### WHAT TO DO
From the line containing "this 1600×900 image." down to the last line of the material below, copy each line exactly and leave out the rest.

### SOURCE MATERIAL
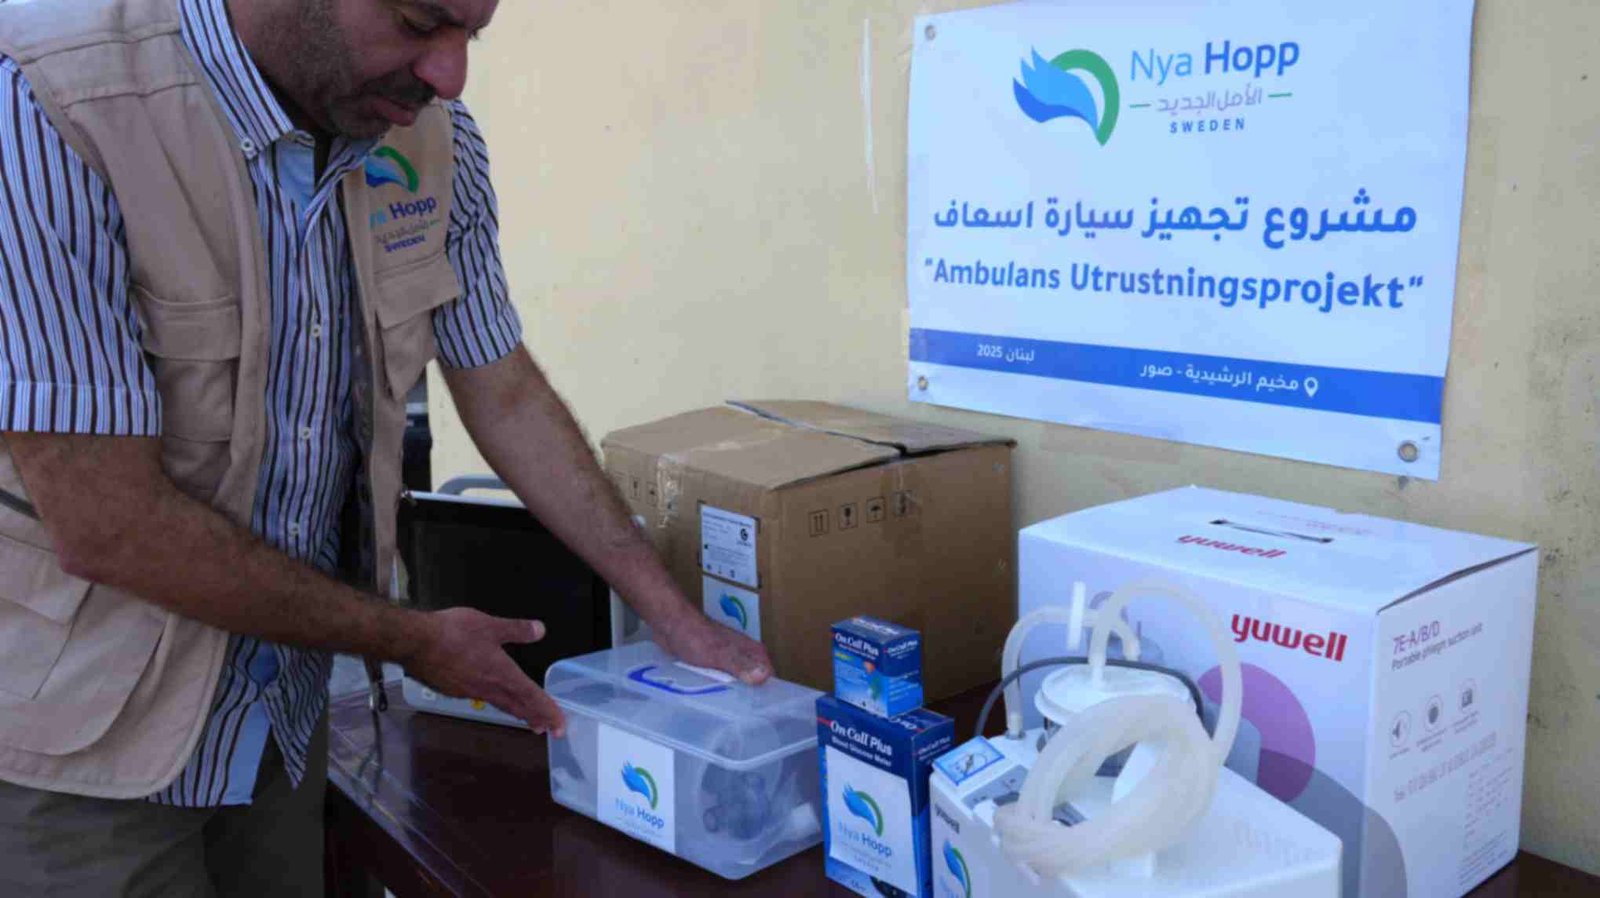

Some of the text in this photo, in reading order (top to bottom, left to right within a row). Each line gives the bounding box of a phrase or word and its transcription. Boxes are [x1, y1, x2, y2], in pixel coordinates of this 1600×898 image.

[1131, 40, 1300, 86] Nya Hopp
[1157, 83, 1263, 116] الأمل الجديد
[1169, 118, 1245, 134] SWEDEN
[389, 196, 437, 219] Hopp
[934, 187, 1417, 249] مشروع تجهيز سيارة اسعاف
[977, 343, 1035, 365] لبنان 2025
[1139, 363, 1173, 379] صور
[1185, 363, 1252, 388] الرشيدية
[1256, 374, 1299, 392] مخيم
[1177, 535, 1287, 559] yuwell
[1231, 614, 1348, 662] yuwell
[1393, 620, 1440, 655] 7E-A/B/D
[831, 720, 892, 756] On Call Plus
[637, 806, 664, 829] Hopp
[861, 832, 892, 857] Hopp
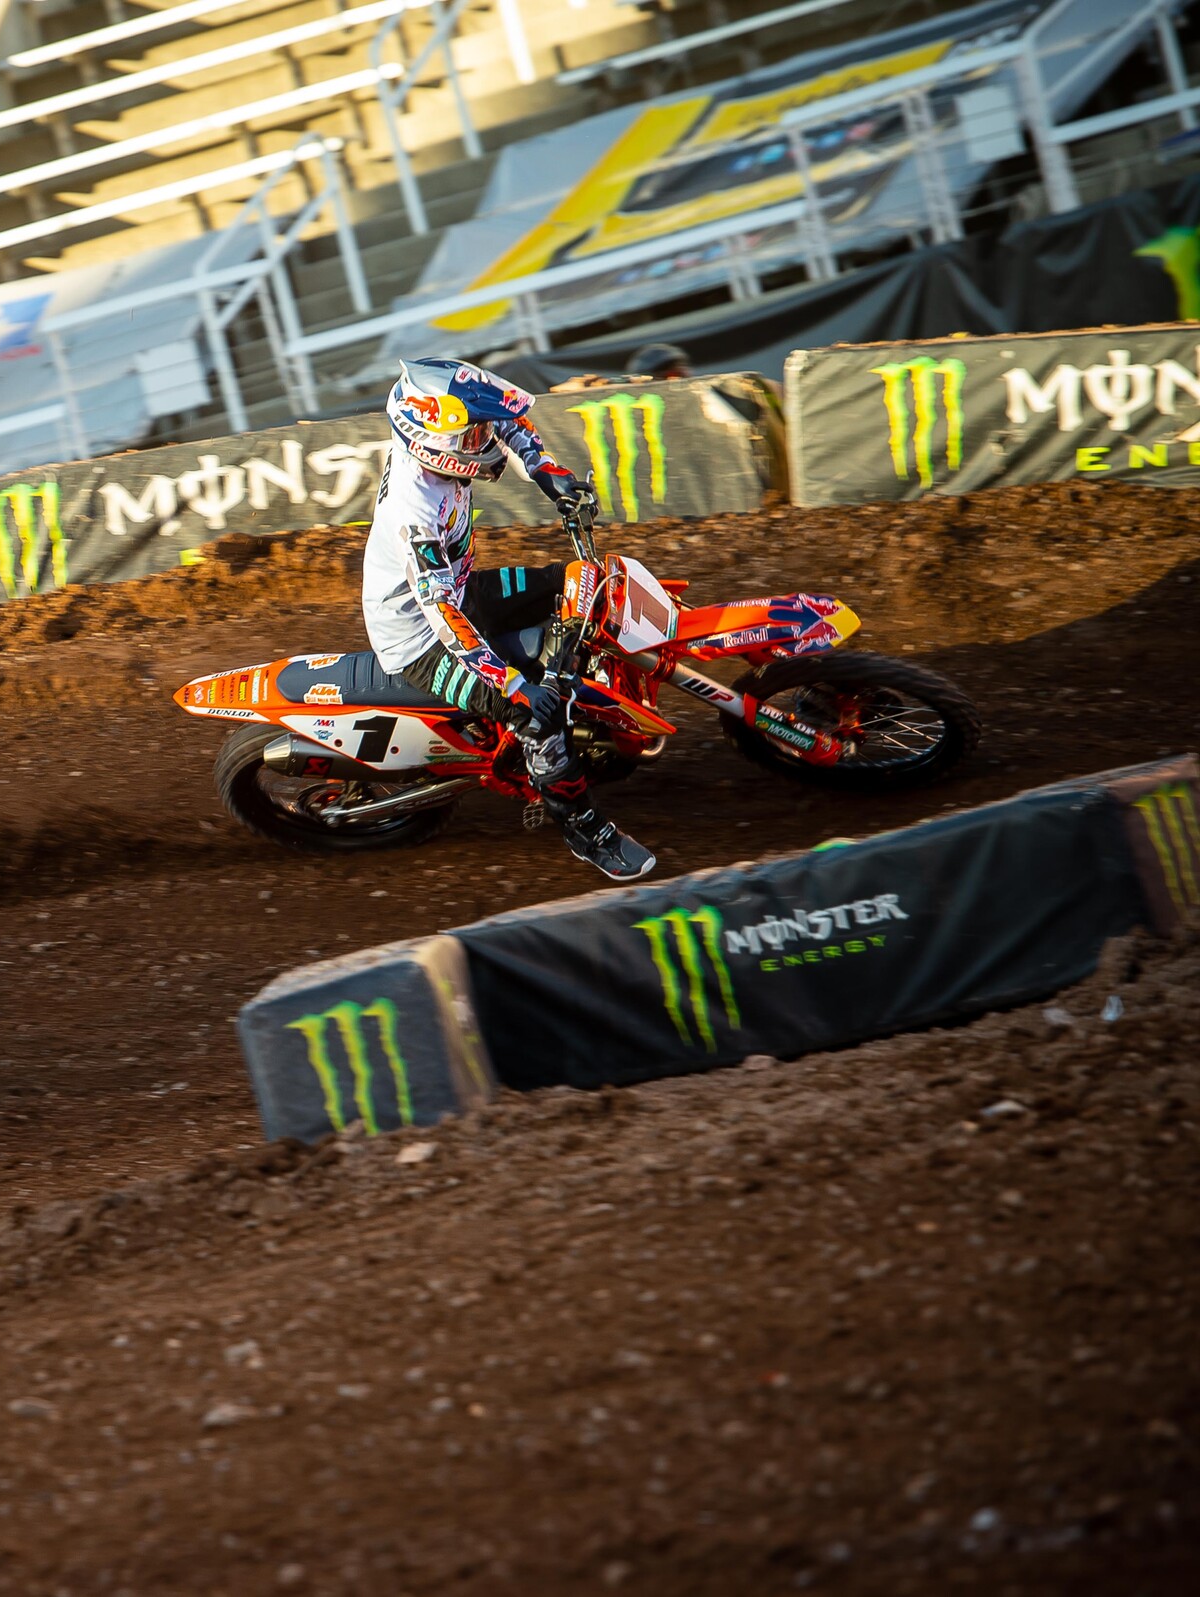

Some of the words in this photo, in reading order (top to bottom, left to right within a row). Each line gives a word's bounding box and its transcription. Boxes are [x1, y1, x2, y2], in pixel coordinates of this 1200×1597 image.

[408, 440, 444, 467] Red
[443, 458, 481, 477] Bull
[745, 628, 769, 645] Bull
[310, 684, 338, 696] KTM
[680, 678, 735, 702] WP
[207, 708, 255, 718] DUNLOP
[313, 718, 335, 727] AMA
[353, 715, 399, 762] 1
[767, 723, 813, 750] MOTOREX
[724, 894, 909, 955] MONSTER
[760, 935, 887, 972] ENERGY
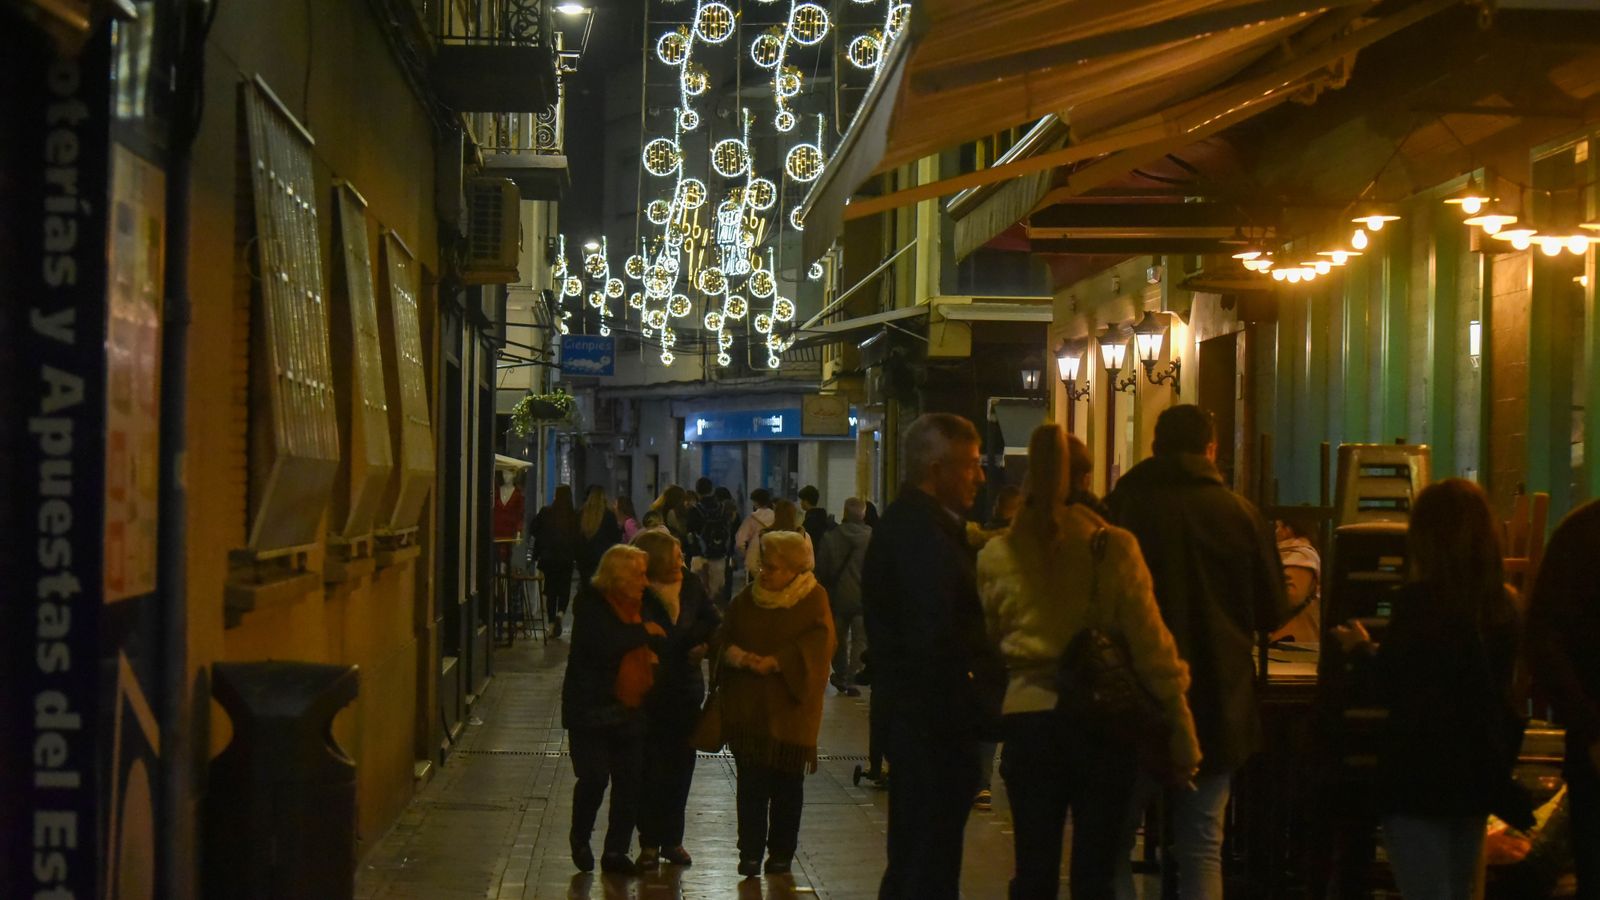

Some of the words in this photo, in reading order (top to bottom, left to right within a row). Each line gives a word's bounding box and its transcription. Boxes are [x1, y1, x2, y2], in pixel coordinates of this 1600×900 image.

[43, 61, 92, 287] oterías
[30, 307, 76, 345] y
[28, 364, 85, 673] Apuestas
[33, 689, 82, 789] del

### TASK ANSWER
Some of the words in this photo, in reading order (top to bottom, left to right within a row). Each line gives a word's bounding box and its transcription. Boxes are [x1, y1, x2, y2], in pixel coordinates of this 1600×900 image.

[43, 61, 92, 287] oterías
[30, 307, 76, 345] y
[28, 364, 85, 673] Apuestas
[33, 689, 82, 789] del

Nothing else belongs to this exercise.